**Work to complete**
After removing every image, reproduce the data exactly as it appears.

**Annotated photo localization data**
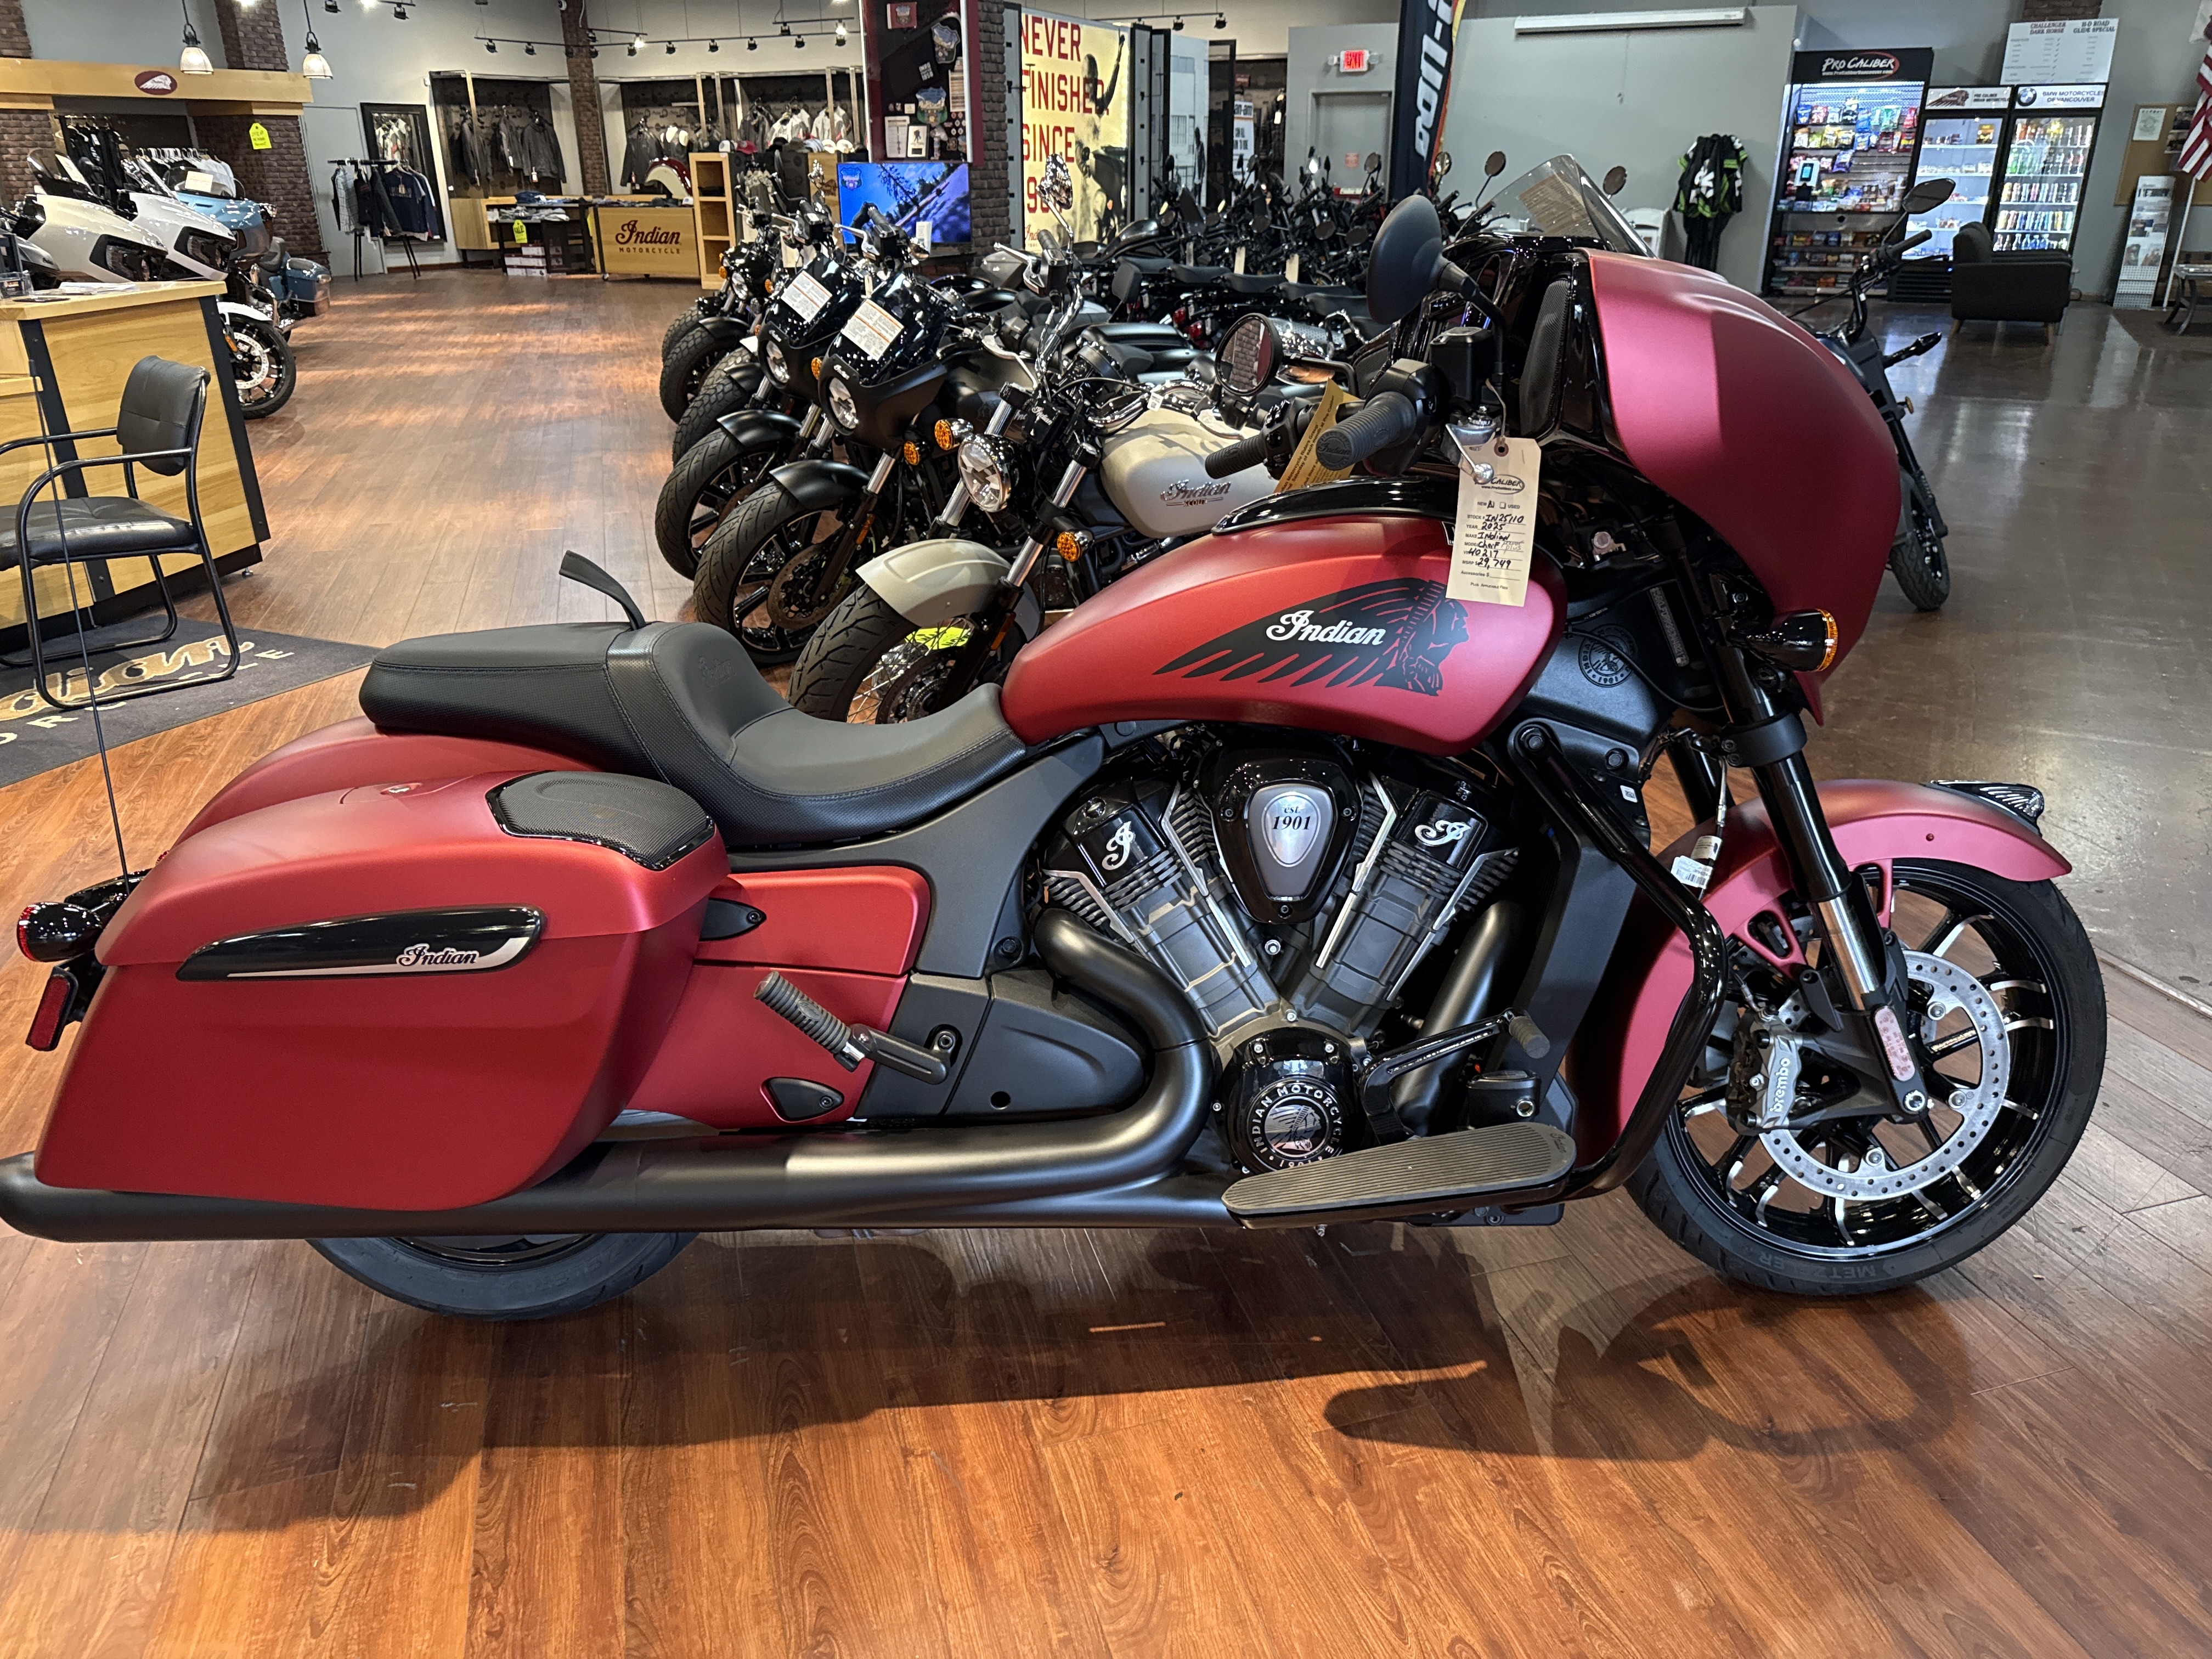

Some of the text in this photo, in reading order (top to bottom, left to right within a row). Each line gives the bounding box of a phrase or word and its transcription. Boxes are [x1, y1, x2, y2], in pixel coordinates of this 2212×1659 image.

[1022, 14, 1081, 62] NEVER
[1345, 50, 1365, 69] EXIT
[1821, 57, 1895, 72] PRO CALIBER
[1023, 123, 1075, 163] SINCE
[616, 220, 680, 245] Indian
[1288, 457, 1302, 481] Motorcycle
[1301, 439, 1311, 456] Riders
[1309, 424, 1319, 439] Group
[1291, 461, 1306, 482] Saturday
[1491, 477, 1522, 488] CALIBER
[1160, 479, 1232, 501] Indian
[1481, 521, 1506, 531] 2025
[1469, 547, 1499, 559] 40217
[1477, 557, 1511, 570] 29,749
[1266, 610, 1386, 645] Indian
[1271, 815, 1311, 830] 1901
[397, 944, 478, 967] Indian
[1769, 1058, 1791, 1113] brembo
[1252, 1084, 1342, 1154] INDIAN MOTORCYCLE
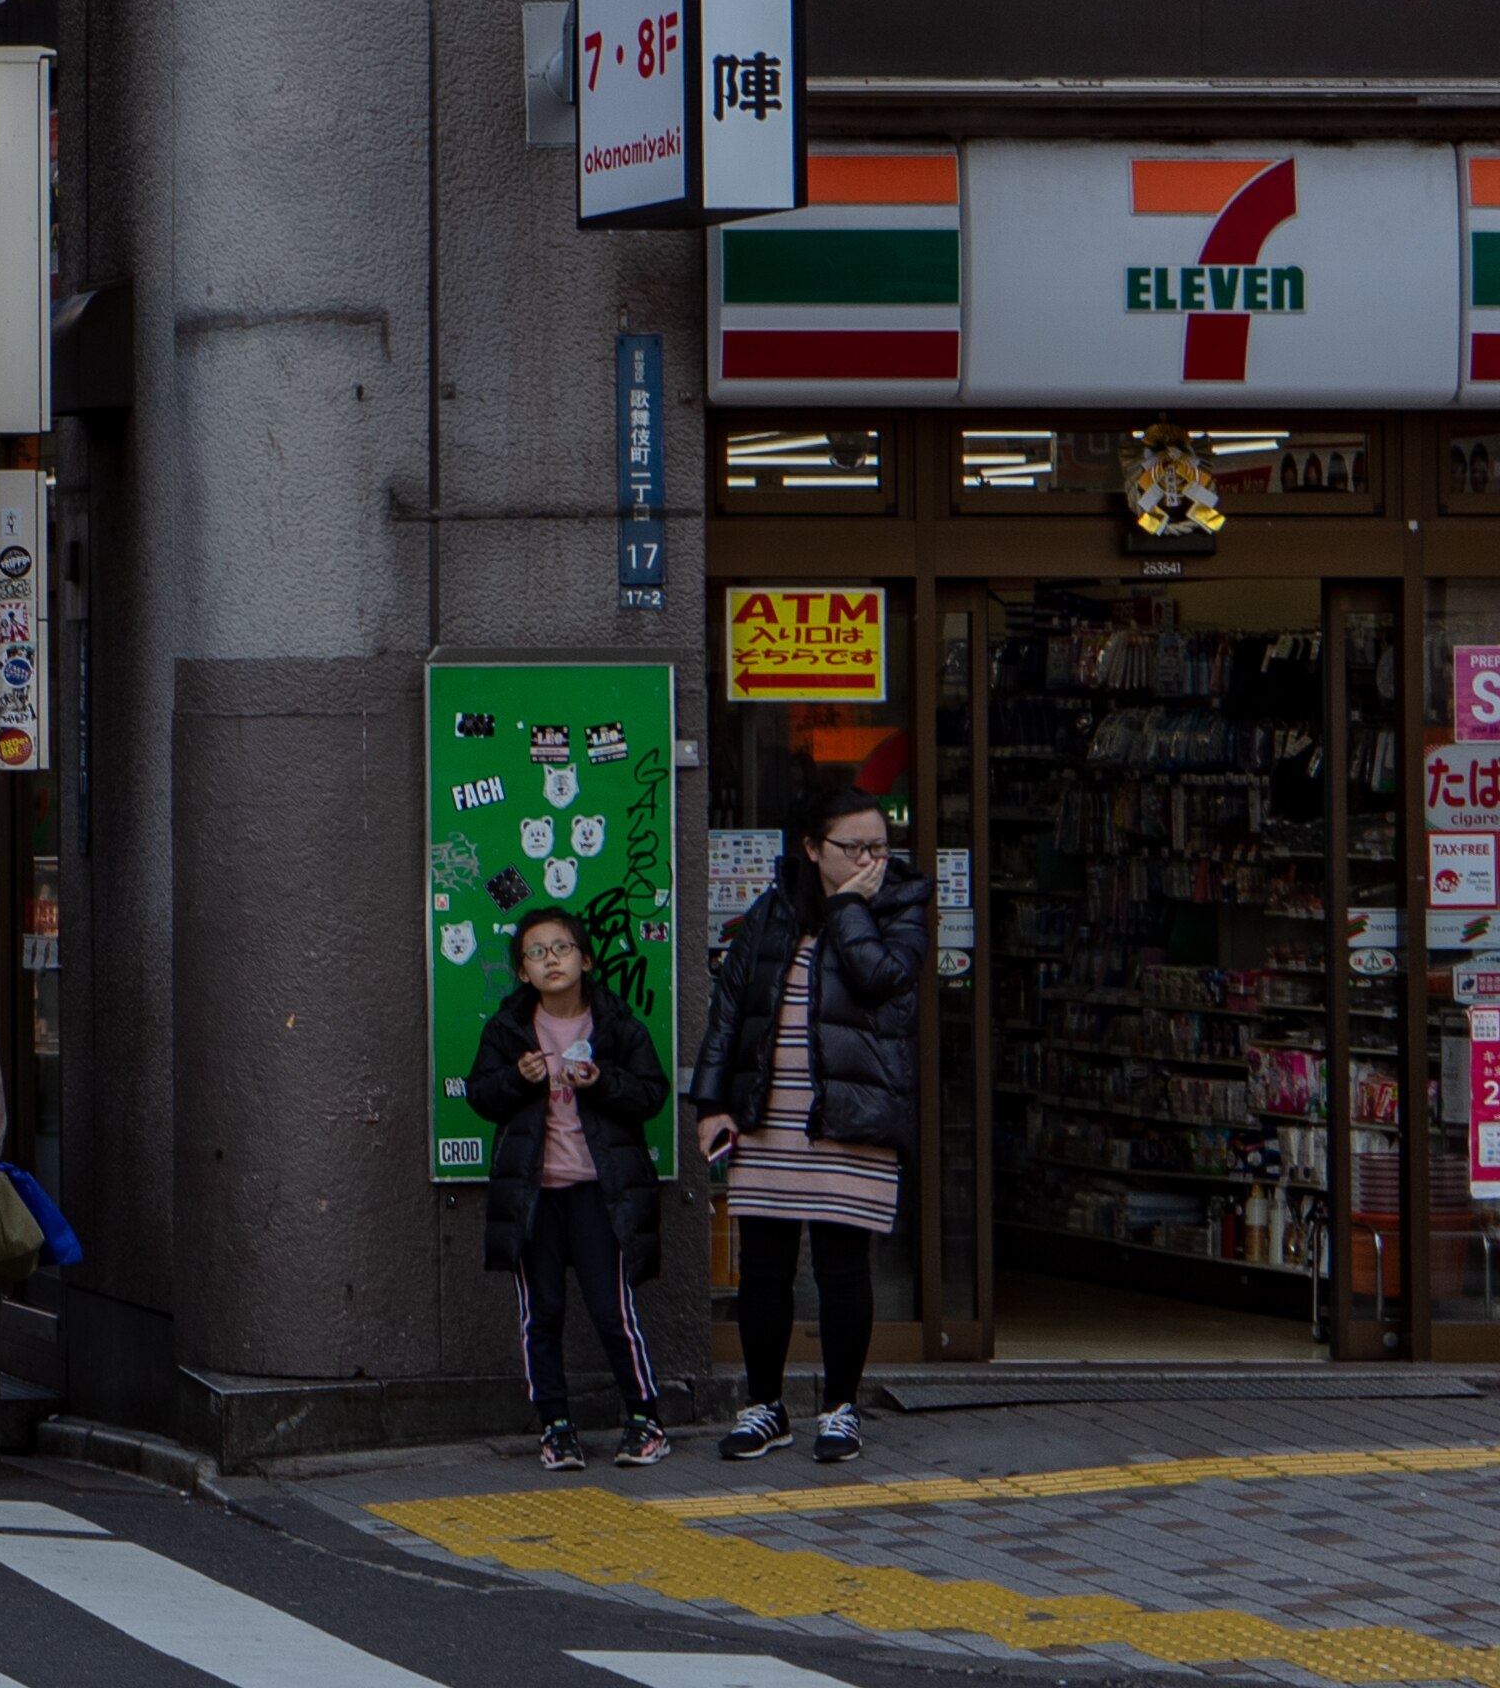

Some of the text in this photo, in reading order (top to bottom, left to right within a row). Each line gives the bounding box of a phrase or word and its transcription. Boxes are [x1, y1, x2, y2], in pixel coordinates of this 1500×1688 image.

**Completed exercise**
Some of the text in this photo, in reading order (top to bottom, left to right within a row). Each line gives the bounding box of a phrase or word and its transcription. Boxes are [x1, y1, x2, y2], in pixel coordinates of this 2212×1659 image.

[1022, 14, 1081, 62] NEVER
[1345, 50, 1365, 69] EXIT
[1821, 57, 1895, 72] PRO CALIBER
[1023, 123, 1075, 163] SINCE
[616, 220, 680, 245] Indian
[1288, 457, 1302, 481] Motorcycle
[1301, 439, 1311, 456] Riders
[1309, 424, 1319, 439] Group
[1291, 461, 1306, 482] Saturday
[1491, 477, 1522, 488] CALIBER
[1160, 479, 1232, 501] Indian
[1481, 521, 1506, 531] 2025
[1469, 547, 1499, 559] 40217
[1477, 557, 1511, 570] 29,749
[1266, 610, 1386, 645] Indian
[1271, 815, 1311, 830] 1901
[397, 944, 478, 967] Indian
[1769, 1058, 1791, 1113] brembo
[1252, 1084, 1342, 1154] INDIAN MOTORCYCLE

Some of the text in this photo, in reading order (top to bottom, left to right within a row). Each line gives the bounding box of a phrase or word and its transcription. Boxes are [x1, y1, x2, y2], in pixel coordinates of this 1500×1688 image.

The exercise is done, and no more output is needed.